◆ Supplied data:
========================================================================

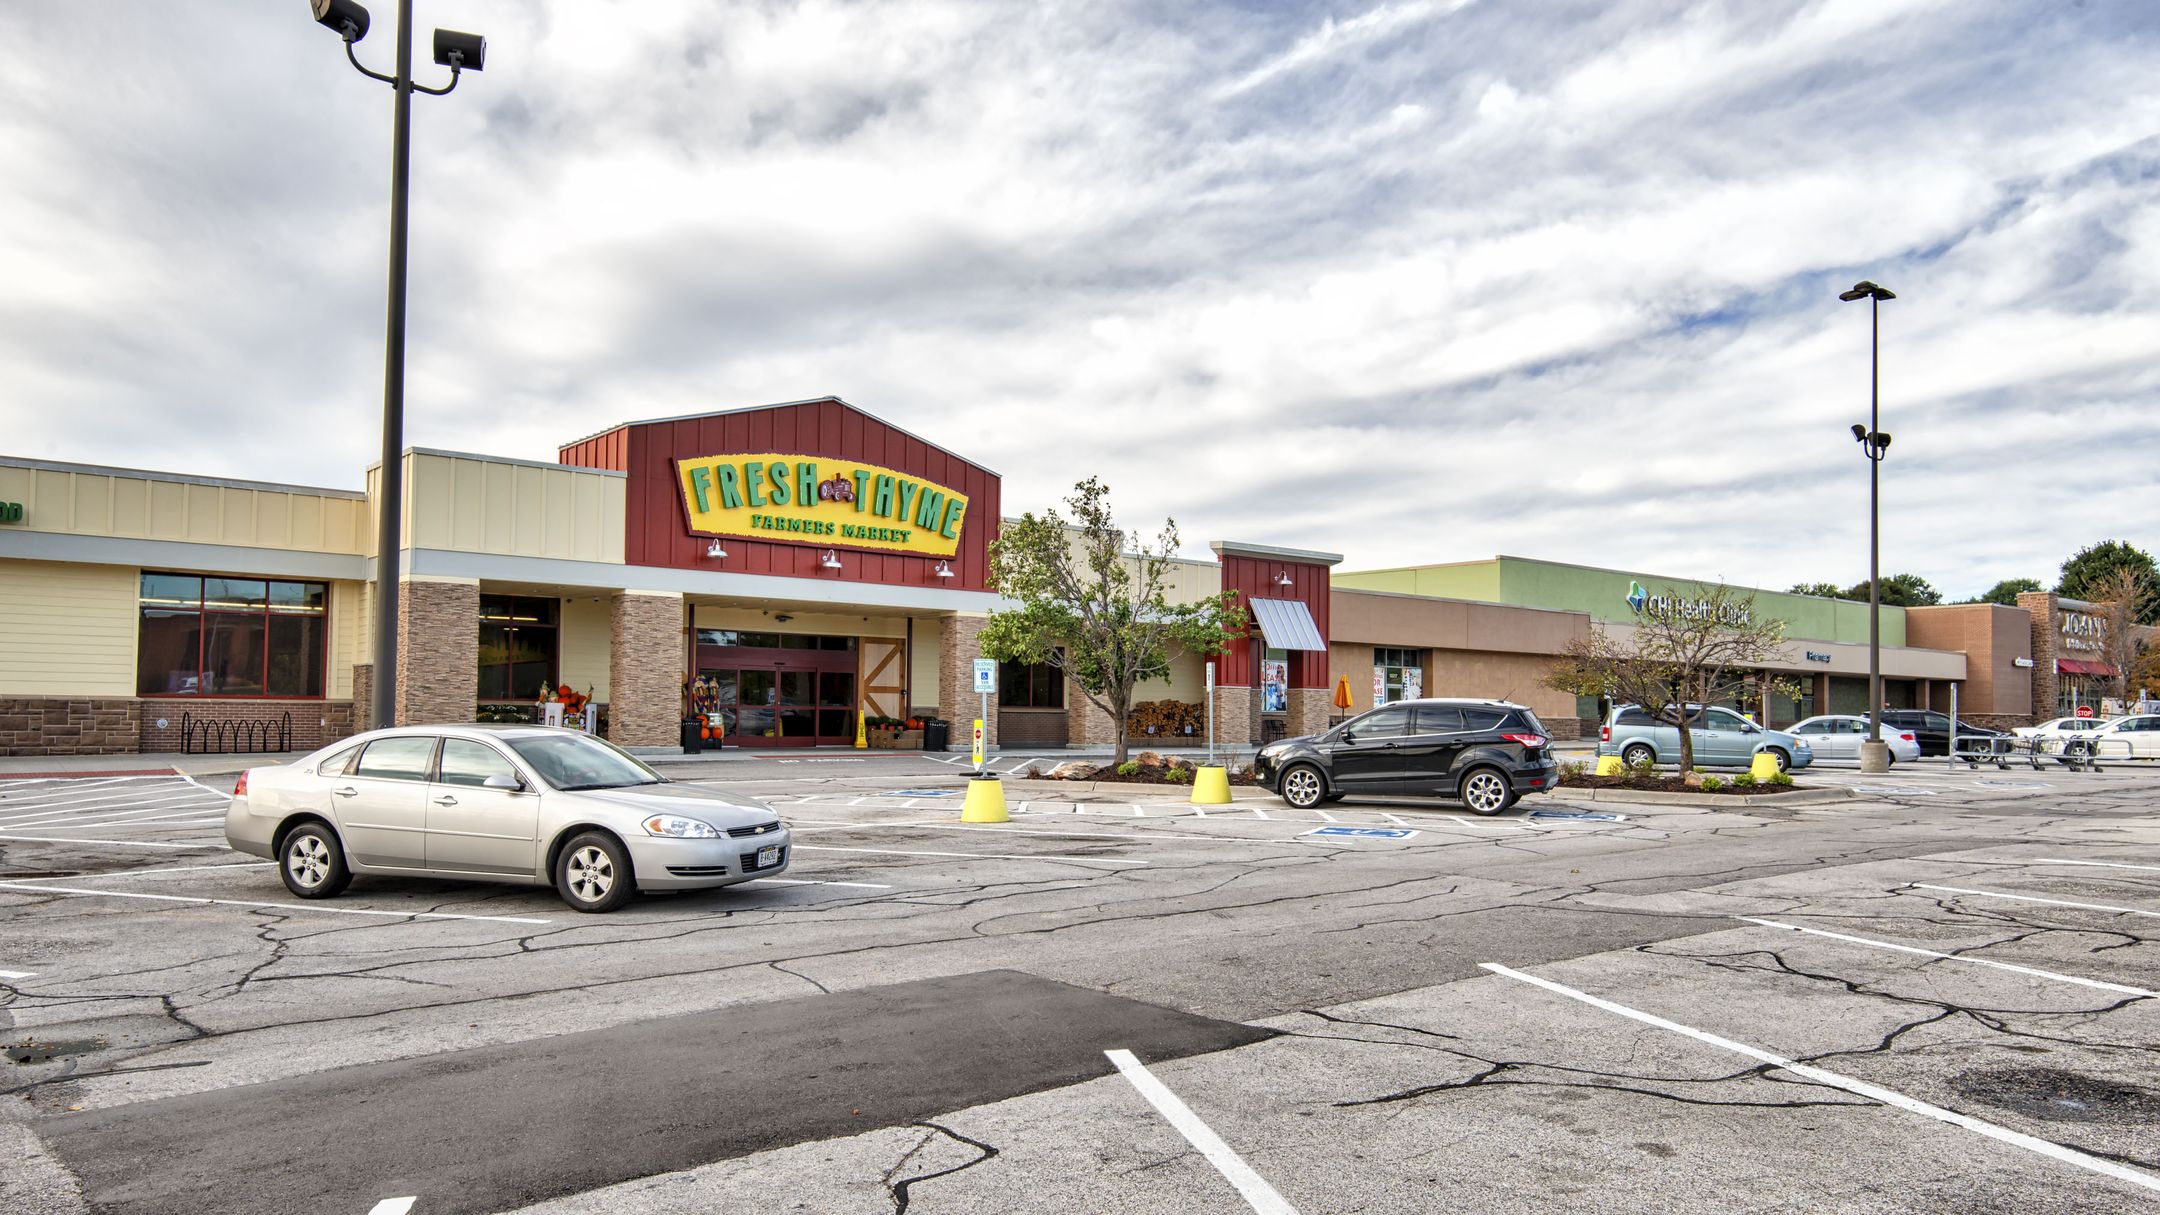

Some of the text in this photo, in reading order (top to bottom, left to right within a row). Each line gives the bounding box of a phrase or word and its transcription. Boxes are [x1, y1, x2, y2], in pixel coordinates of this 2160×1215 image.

[691, 461, 964, 540] FRESH THYME
[752, 514, 912, 543] FARMERS MARKET
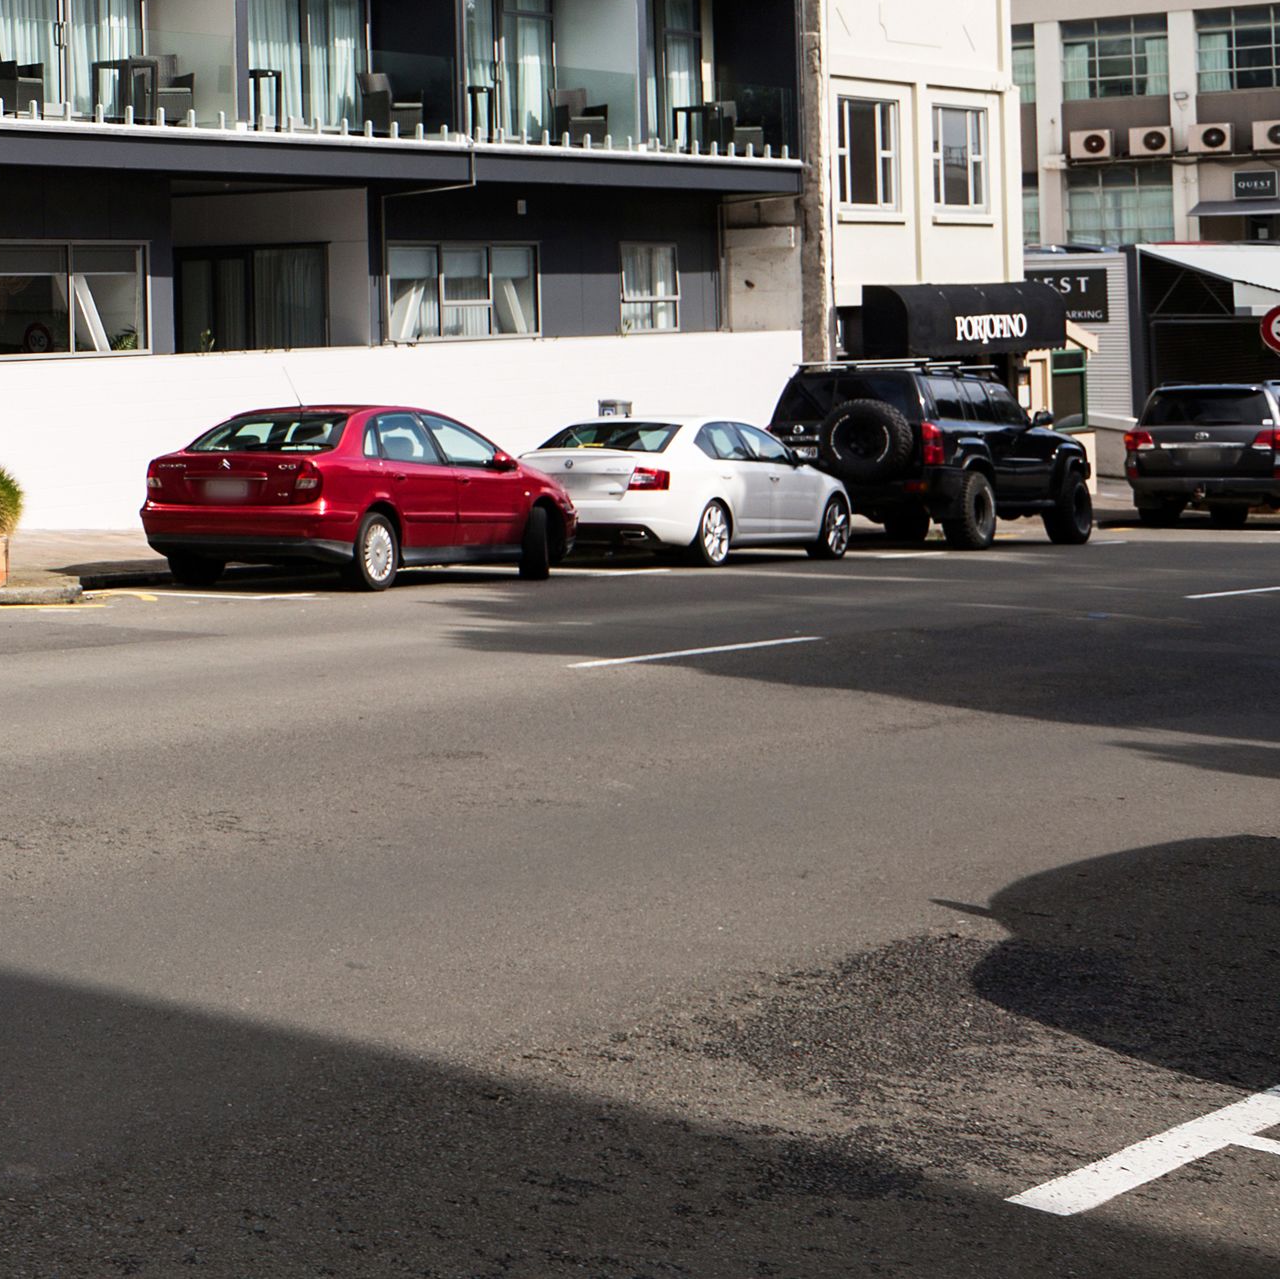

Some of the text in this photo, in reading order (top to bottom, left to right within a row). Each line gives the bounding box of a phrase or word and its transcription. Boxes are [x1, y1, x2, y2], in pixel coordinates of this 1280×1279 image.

[1238, 180, 1270, 189] QUEST
[1032, 276, 1089, 294] EST
[1066, 309, 1103, 319] ARKING
[955, 312, 1028, 345] PORTOFINO
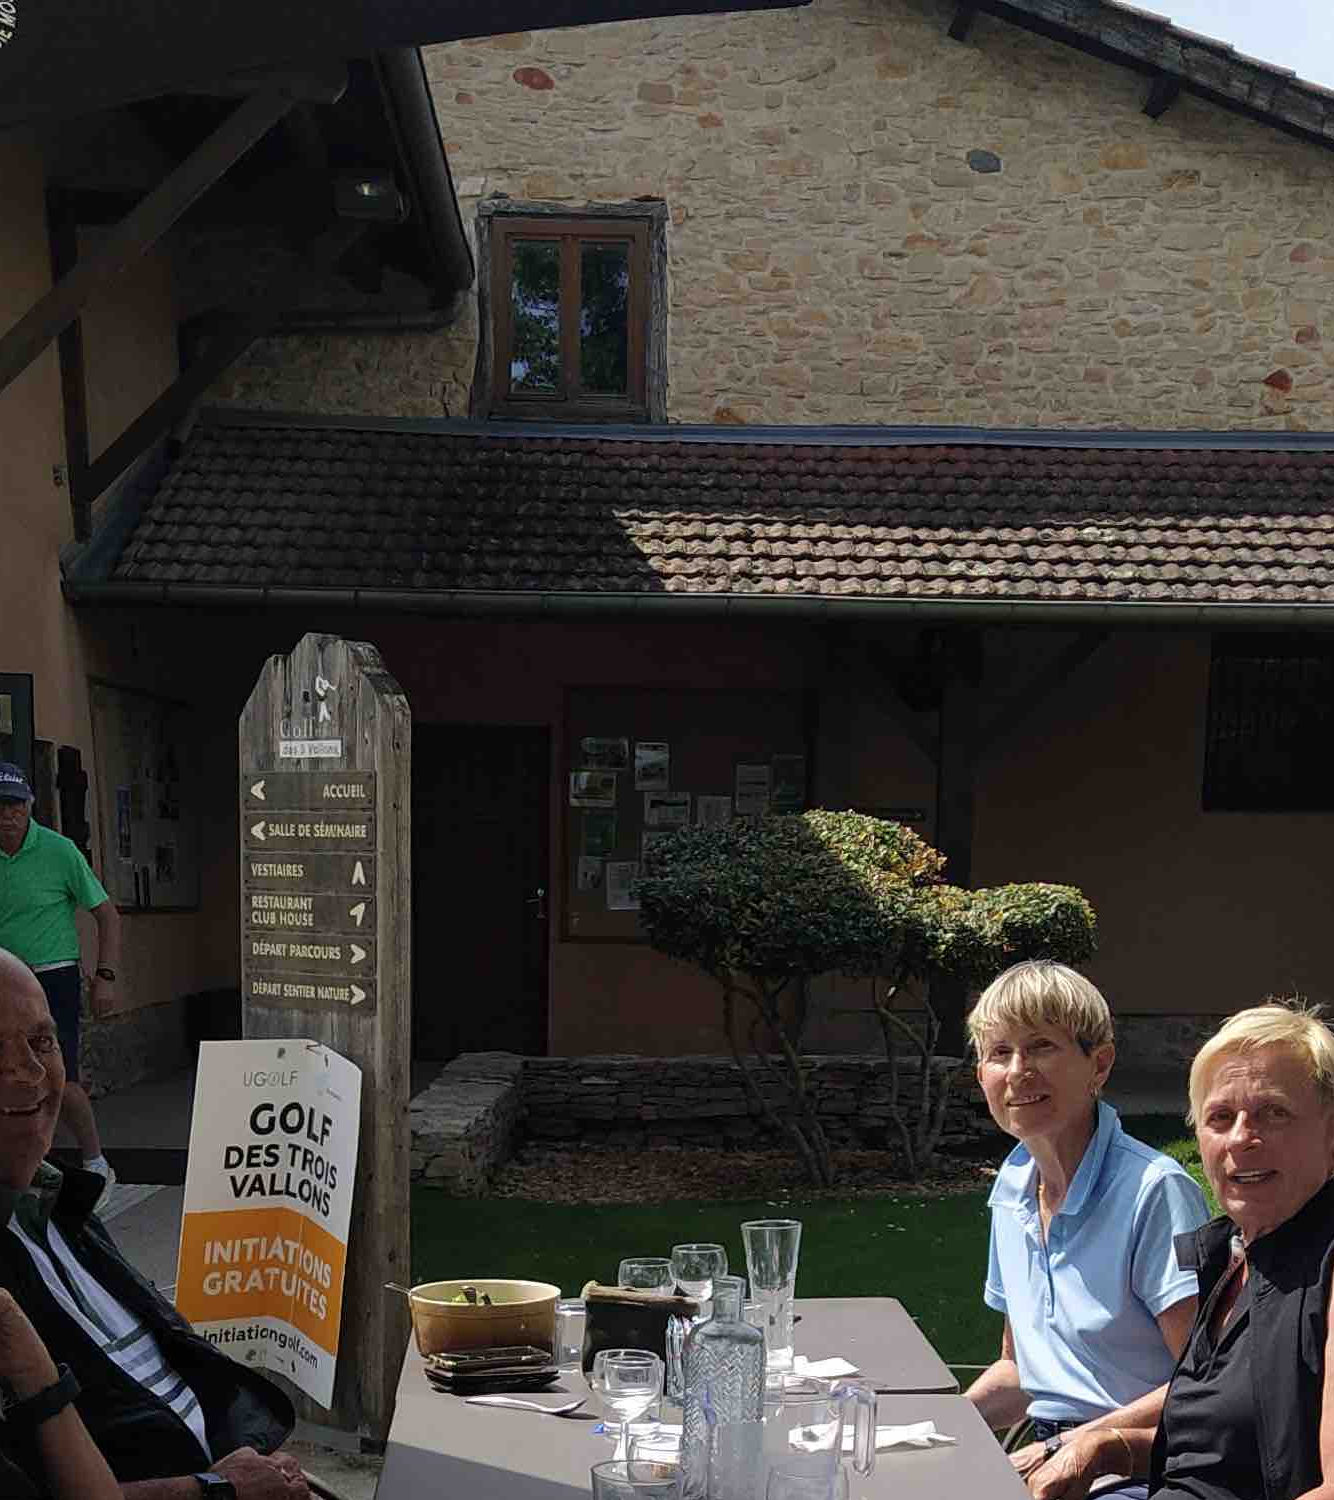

========================================================================

Since the pictures are not wanted, write out the rest of the data exactly as it reads.

◆ Answer space:
Some of the text in this photo, in reading order (top to bottom, left to right within a row). Each line gives the bounding box of a phrase or word and its transcription. Boxes are [x1, y1, x2, y2], in pixel coordinates of this 2160×1215 image.

[691, 461, 964, 540] FRESH THYME
[752, 514, 912, 543] FARMERS MARKET

Some of the text in this photo, in reading order (top to bottom, left to right within a row). Each line gives the bounding box of a phrase or word and its transcription. Boxes are [x1, y1, x2, y2], in pixel coordinates of this 1280×1279 image.

[1238, 180, 1270, 189] QUEST
[1032, 276, 1089, 294] EST
[1066, 309, 1103, 319] ARKING
[955, 312, 1028, 345] PORTOFINO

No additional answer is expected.